### Dataset records
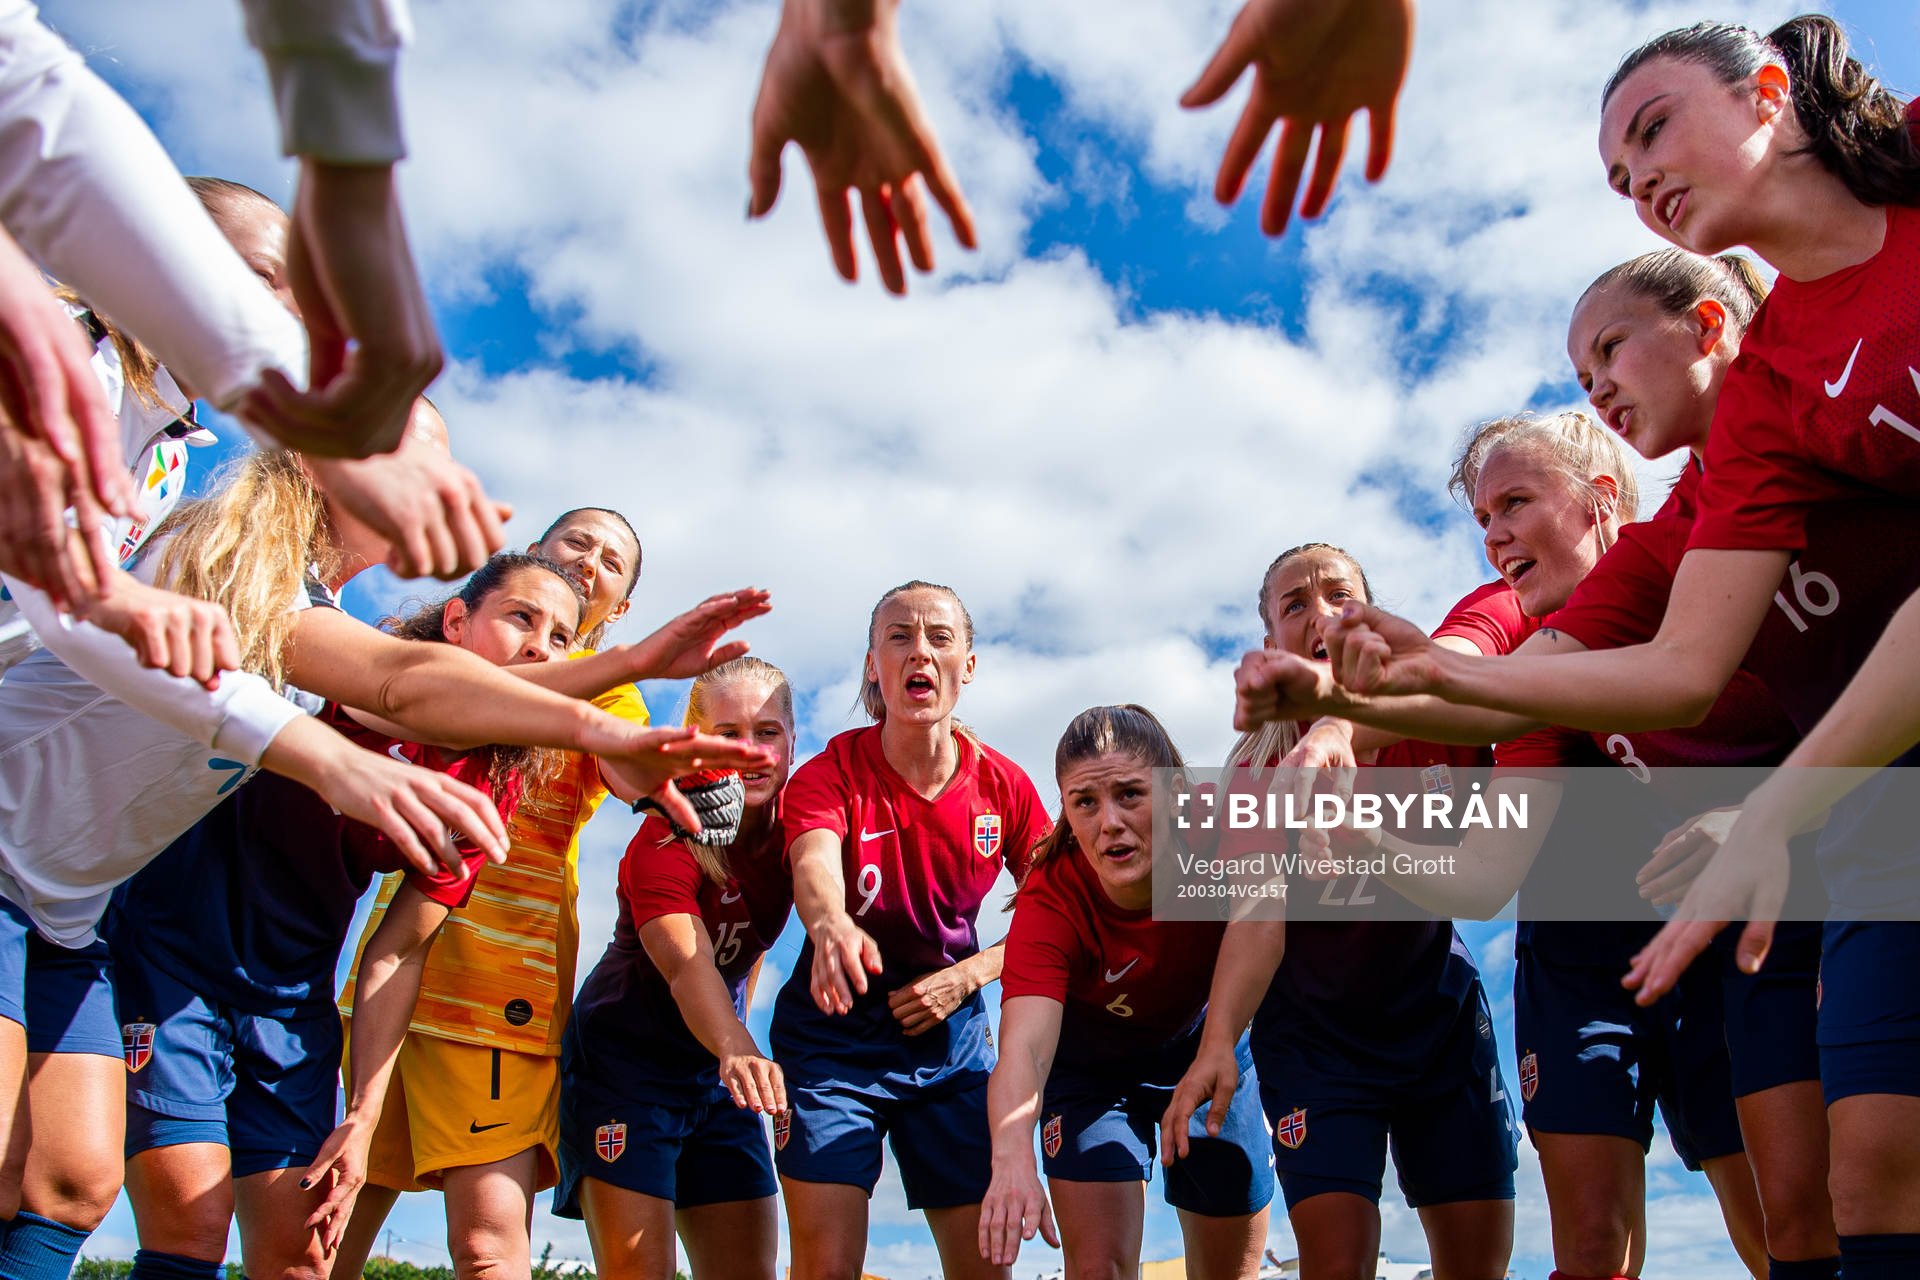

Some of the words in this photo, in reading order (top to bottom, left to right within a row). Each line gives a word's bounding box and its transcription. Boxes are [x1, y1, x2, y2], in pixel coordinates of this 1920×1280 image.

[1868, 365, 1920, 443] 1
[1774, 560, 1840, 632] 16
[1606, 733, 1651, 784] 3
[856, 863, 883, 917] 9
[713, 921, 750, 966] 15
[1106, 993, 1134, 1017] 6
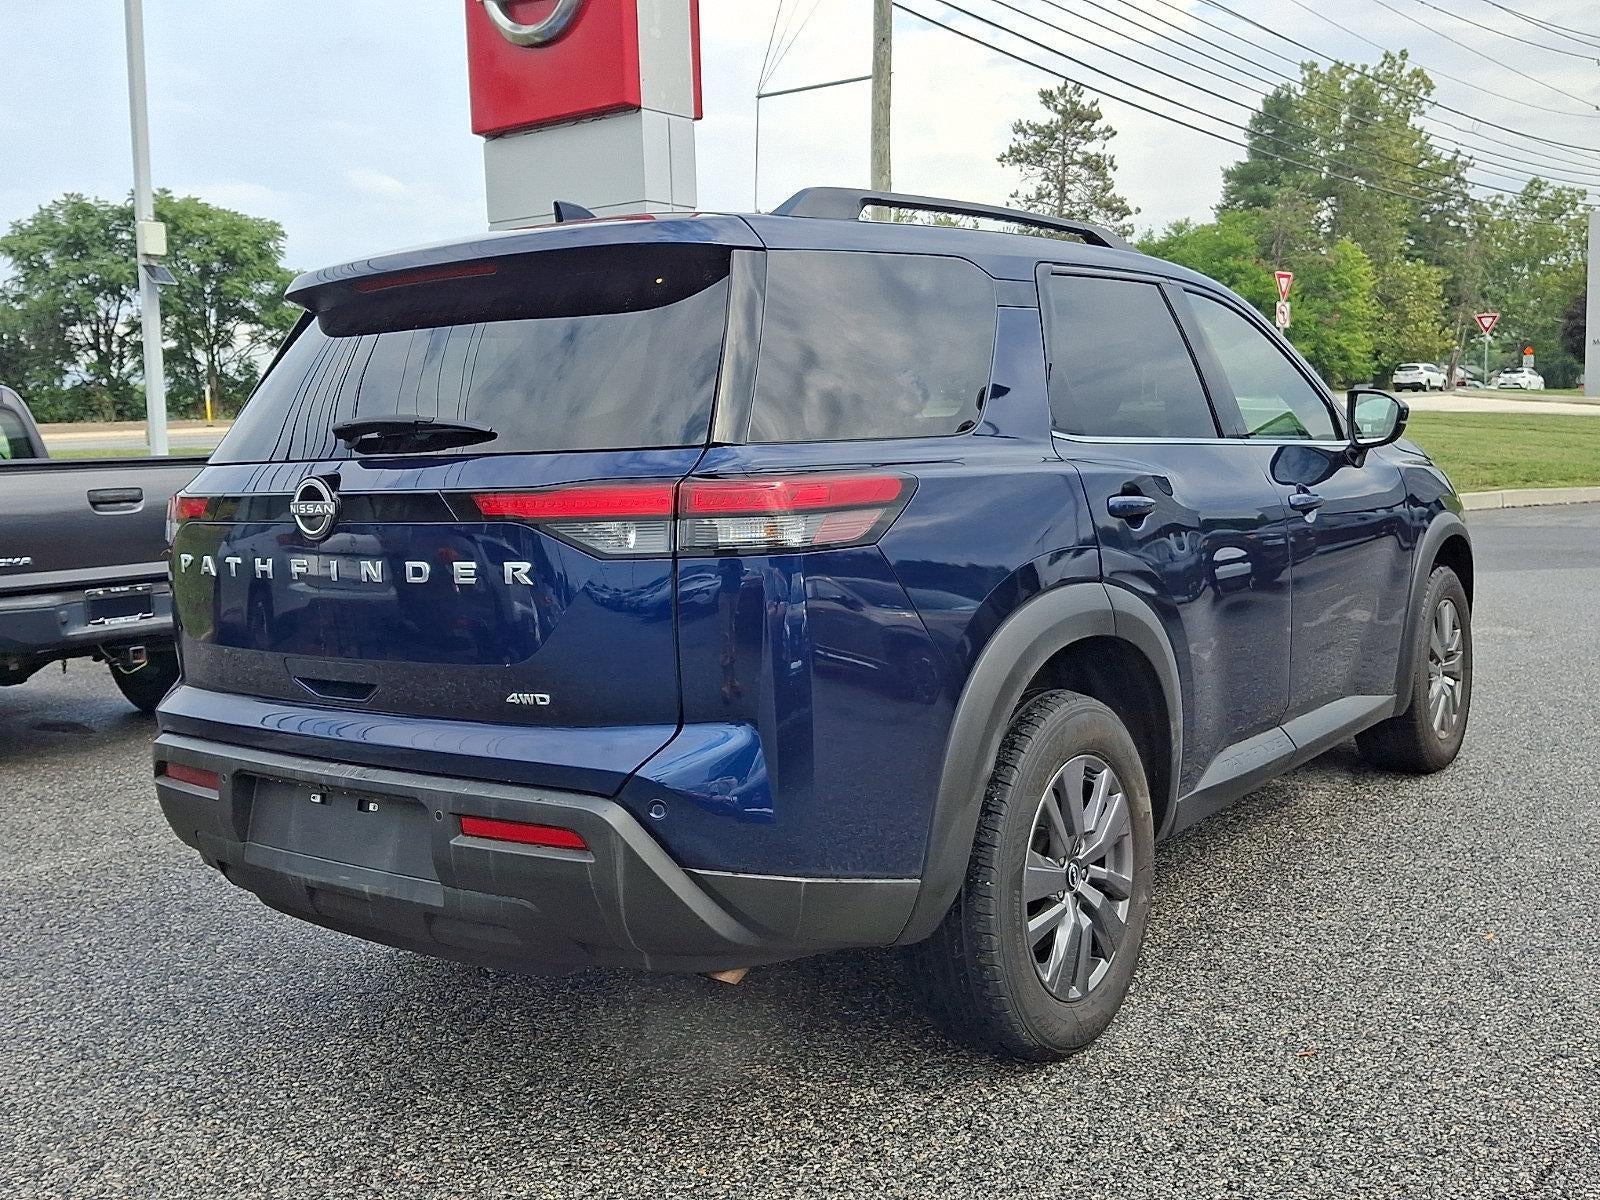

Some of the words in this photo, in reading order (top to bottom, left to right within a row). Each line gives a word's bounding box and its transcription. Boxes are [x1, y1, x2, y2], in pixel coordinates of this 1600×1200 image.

### To do
Leave the images out and output the remaining material exactly as it stands.

### Exercise result
Some of the words in this photo, in reading order (top to bottom, left to right within a row). Each line gives a word's bounding box and its transcription. Boxes are [x1, y1, x2, y2], in pixel coordinates of this 1920×1280 image.

[1868, 365, 1920, 443] 1
[1774, 560, 1840, 632] 16
[1606, 733, 1651, 784] 3
[856, 863, 883, 917] 9
[713, 921, 750, 966] 15
[1106, 993, 1134, 1017] 6

Some of the words in this photo, in reading order (top to bottom, left to right within a row). Each line gives a word's bounding box and its transcription. Boxes are [x1, y1, x2, y2], in pixel coordinates of this 1600×1200 image.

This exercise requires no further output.